EXERCISE INSTRUCTIONS: Print the data exactly as written, line for line, and leave its pictures behind.

Dataset entries

********

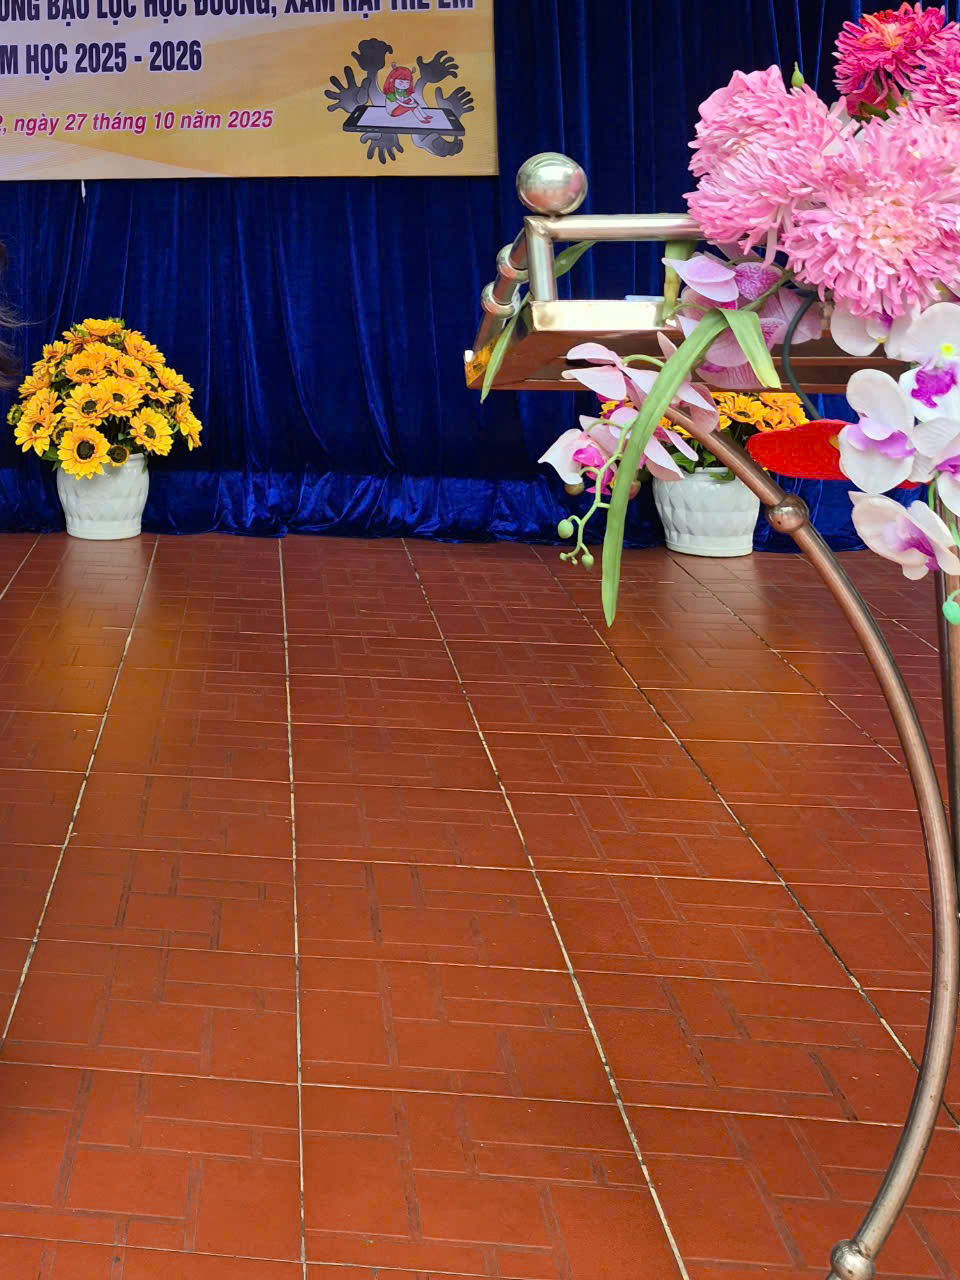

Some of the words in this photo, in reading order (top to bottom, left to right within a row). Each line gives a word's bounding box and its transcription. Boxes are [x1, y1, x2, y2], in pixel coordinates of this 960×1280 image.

[26, 43, 68, 81] HỌC
[75, 42, 127, 73] 2025
[149, 39, 202, 72] 2026
[14, 117, 59, 137] ngày
[64, 113, 87, 131] 27
[93, 112, 147, 135] tháng
[155, 111, 175, 130] 10
[180, 111, 221, 130] năm
[227, 110, 273, 129] 2025
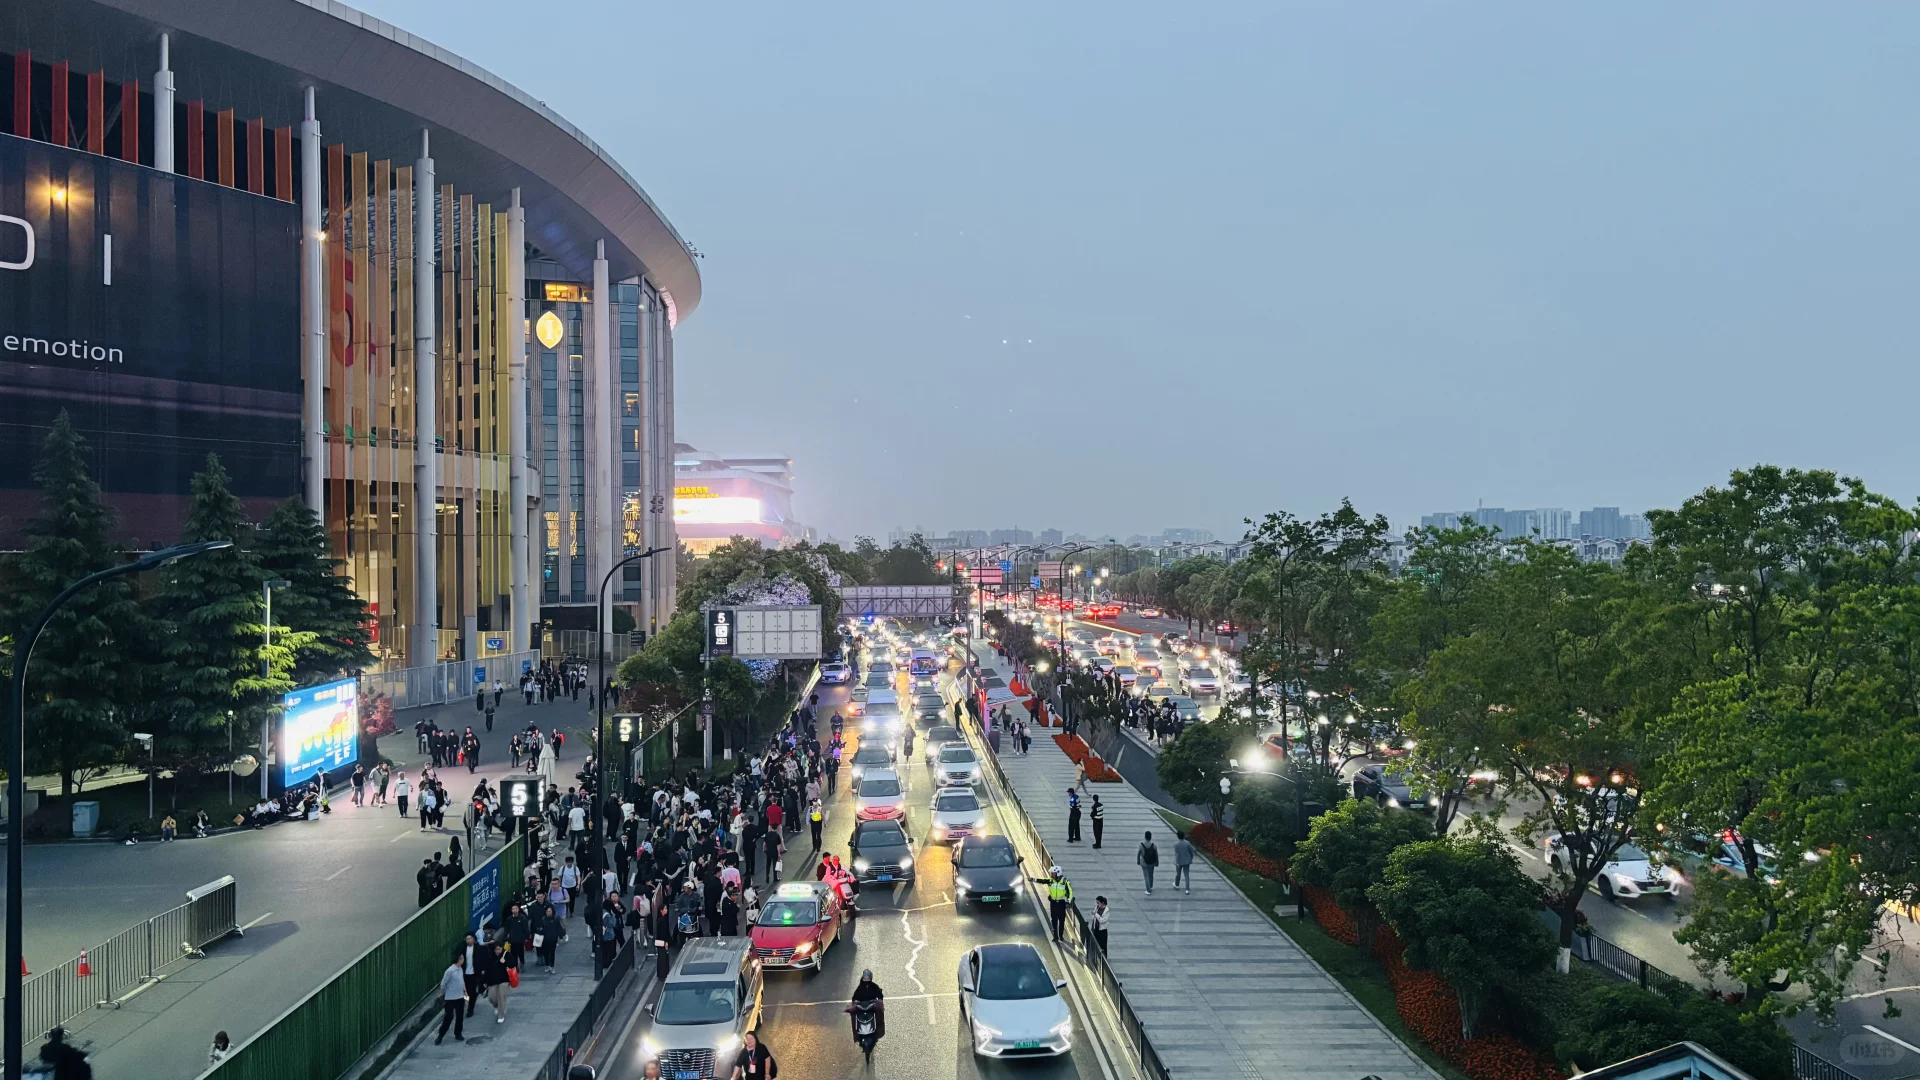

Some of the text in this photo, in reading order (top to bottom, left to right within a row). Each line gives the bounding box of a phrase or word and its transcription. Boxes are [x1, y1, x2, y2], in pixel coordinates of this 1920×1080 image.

********

RESPONSE AREA:
Some of the words in this photo, in reading order (top to bottom, left to right within a row). Each line gives a word's bounding box and its transcription. Boxes are [x1, y1, x2, y2], in pixel coordinates of this 960×1280 image.

[26, 43, 68, 81] HỌC
[75, 42, 127, 73] 2025
[149, 39, 202, 72] 2026
[14, 117, 59, 137] ngày
[64, 113, 87, 131] 27
[93, 112, 147, 135] tháng
[155, 111, 175, 130] 10
[180, 111, 221, 130] năm
[227, 110, 273, 129] 2025

Some of the text in this photo, in reading order (top to bottom, left to right within a row). Each line gives the bounding box of a phrase or word and its transcription. Boxes are [x1, y1, x2, y2], in pixel coordinates of this 1920×1080 image.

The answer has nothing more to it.